What A Life

Hazel Abernathy
November 12, 2007
Homer Watts, Jr.
November 14, 2007

In 1961 the Trappist Monk, Fr. Thomas Merton, wrote an article entitled “The Root of War is Fear.” He wrote this article against the background of the Cold War with Russia, the Middle East conflict, and the beginning of the Vietnam War.

The fundamental truths of this article are still applicable today.

He starts the article by saying, “The present war crisis is something we have made entirely for and by ourselves. There is not the slightest logical reason for war, and yet the whole world is plunging headlong into frightful destruction, and doing so with the purpose of avoiding war and preserving peace! This is a true war-madness, an illness of the mind and the spirit that is spreading with a furious and subtle contagion all over the world.”

Then he asked the question, “What are we to do?”

His answer, “The duty of the Christians in this crisis is to strive with all their power and intelligence, with their faith, hope in Christ, and love for God and humanity, to do the one task that God has imposed upon us in the world today. That task is to work for the total abolition of war. Unless we abolish war, the world will remain constantly in a state of madness and desperation.”
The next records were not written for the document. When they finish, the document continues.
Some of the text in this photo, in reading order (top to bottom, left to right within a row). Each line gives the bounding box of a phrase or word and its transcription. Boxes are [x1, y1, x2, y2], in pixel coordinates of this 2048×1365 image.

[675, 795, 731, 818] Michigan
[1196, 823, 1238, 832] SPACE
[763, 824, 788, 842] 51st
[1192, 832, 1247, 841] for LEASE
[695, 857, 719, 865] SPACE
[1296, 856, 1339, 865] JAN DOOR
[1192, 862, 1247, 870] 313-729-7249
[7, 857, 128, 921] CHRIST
I think we have seen this play out in our world today.

The Bush Administration told us that Saddam Hussein had weapons of mass destruction. (We know now that this was not true.)

We went to war to prevent war from spreading. Just the opposite happened. Terrorism increased, a civil war has broken out between the Shiites and Sunnis, the Middle East is still unstable, and the Kurds and Turkey are about to go to war. Are we safer than we were 40 years ago?
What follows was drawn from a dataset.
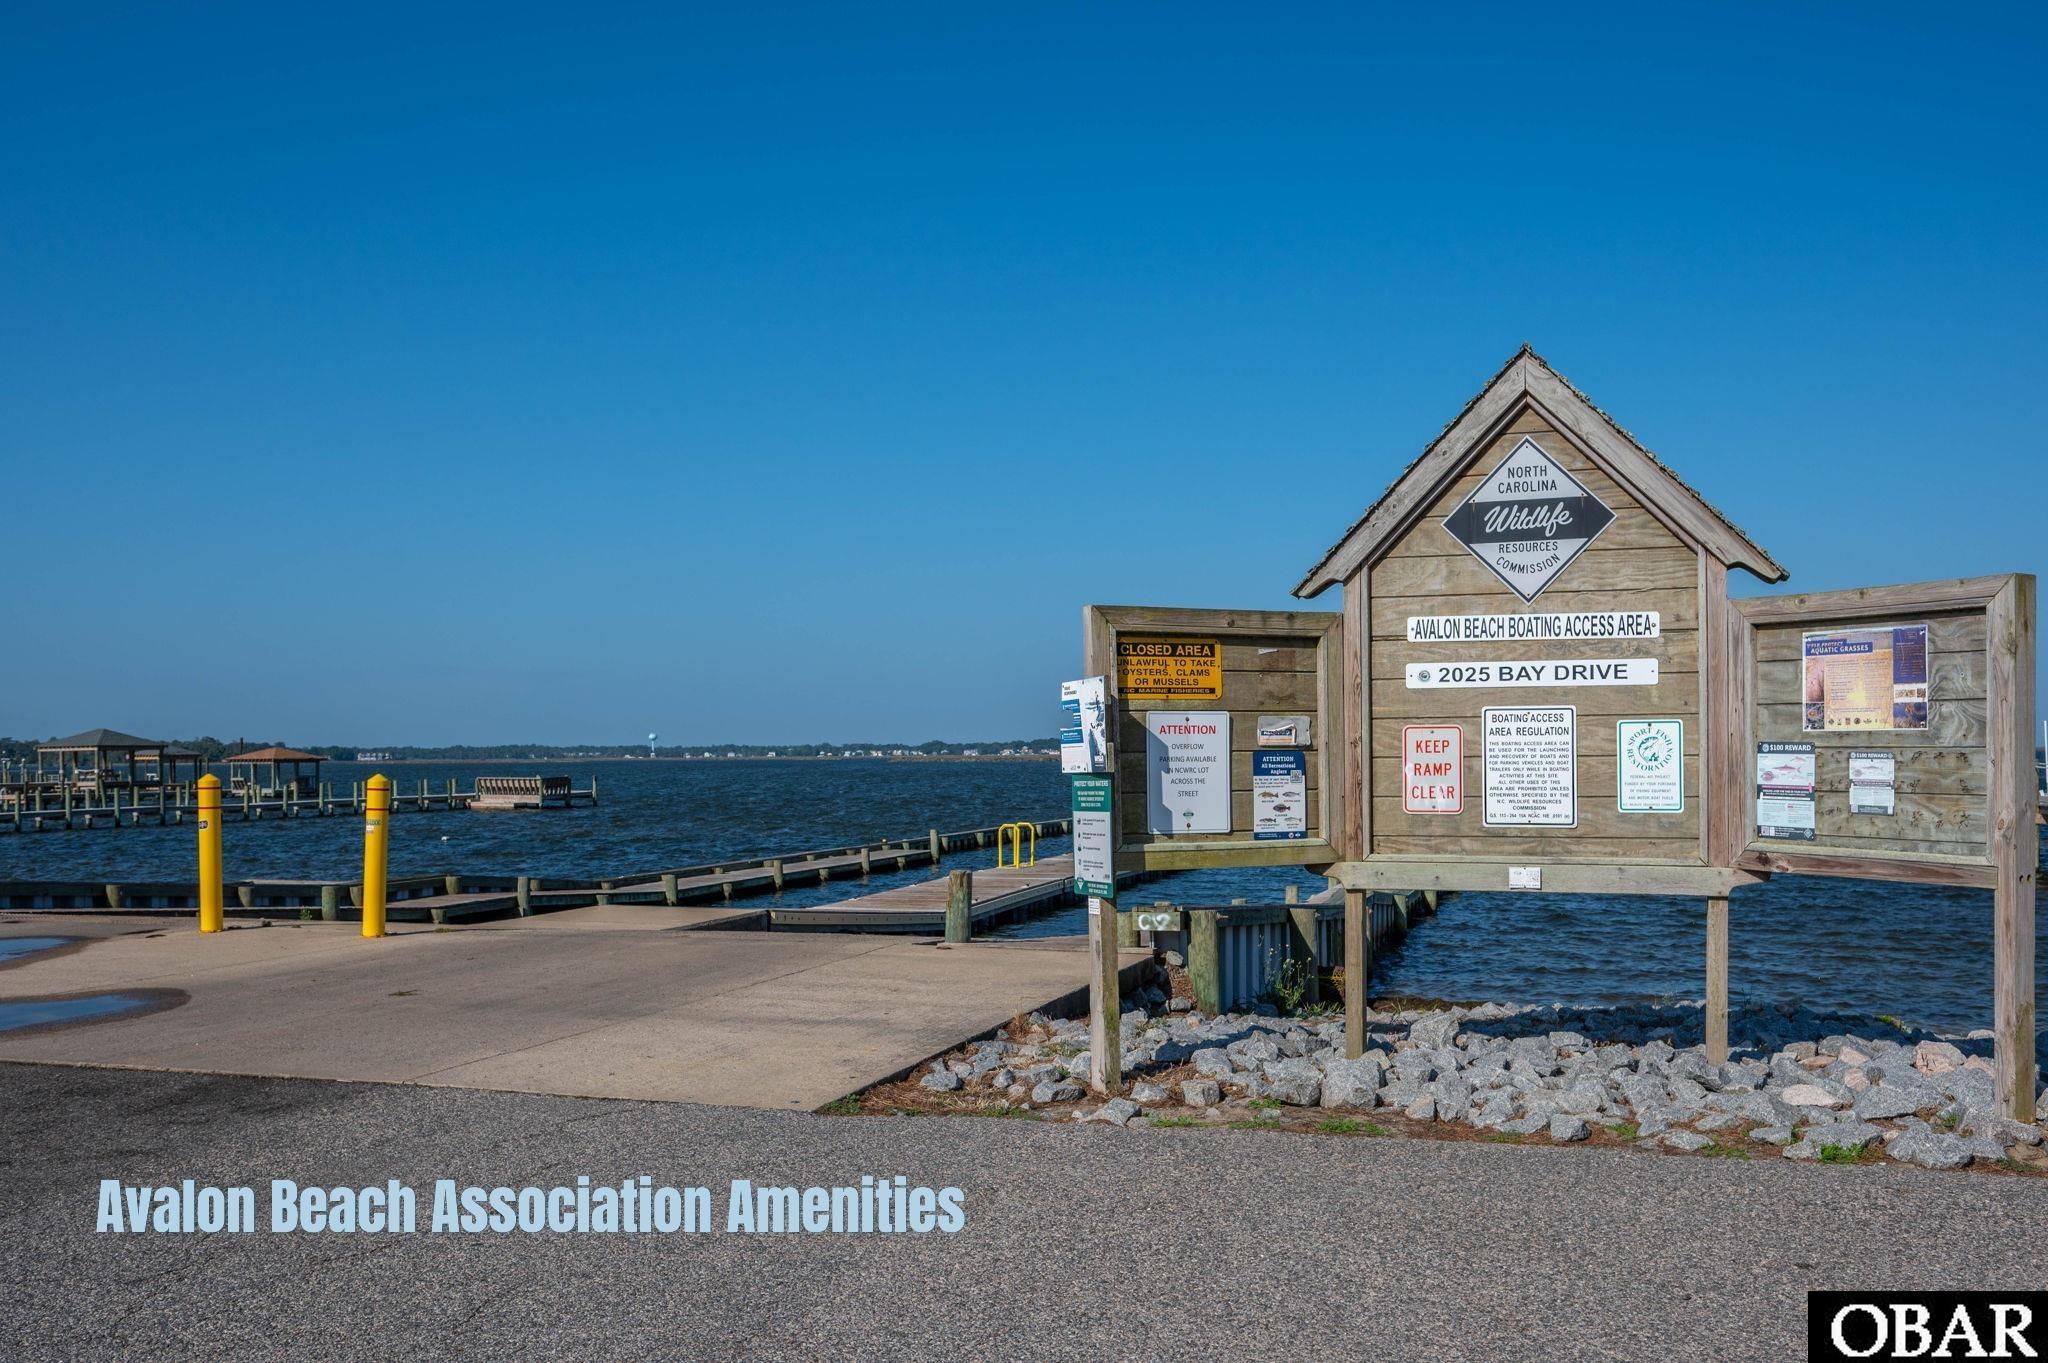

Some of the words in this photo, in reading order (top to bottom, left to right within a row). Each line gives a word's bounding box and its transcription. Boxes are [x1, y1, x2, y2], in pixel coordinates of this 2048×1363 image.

What is Merton’s answer to war?

“Peace is to be preached, nonviolence is to be explained as a practical method, and not left to be mocked as an outlet for crackpots who want to make a show of themselves. Prayer and sacrifice must be used as the most effective spiritual weapons in the war against war, and like any weapons they must be used with deliberate aim: not just with a vague aspiration for peace and security, but against violence and against war. This implies that we are also willing to sacrifice and restrain our own instinct for violence and aggressiveness in our relations with other people. We may never succeed in this campaign but this is the great Christian task of our time.”

Merton goes on to say, “At the root of all war is fear, not so much the fear people have of one another as the fear they have of everything. It is not merely that they do not trust one another: they do not even trust themselves. They cannot trust anything because they have ceased to believe in God. It is not only our hatred of others that is dangerous but also and above all our hatred of ourselves. For it is this, which makes us see our own evil in others and unable to see it in ourselves.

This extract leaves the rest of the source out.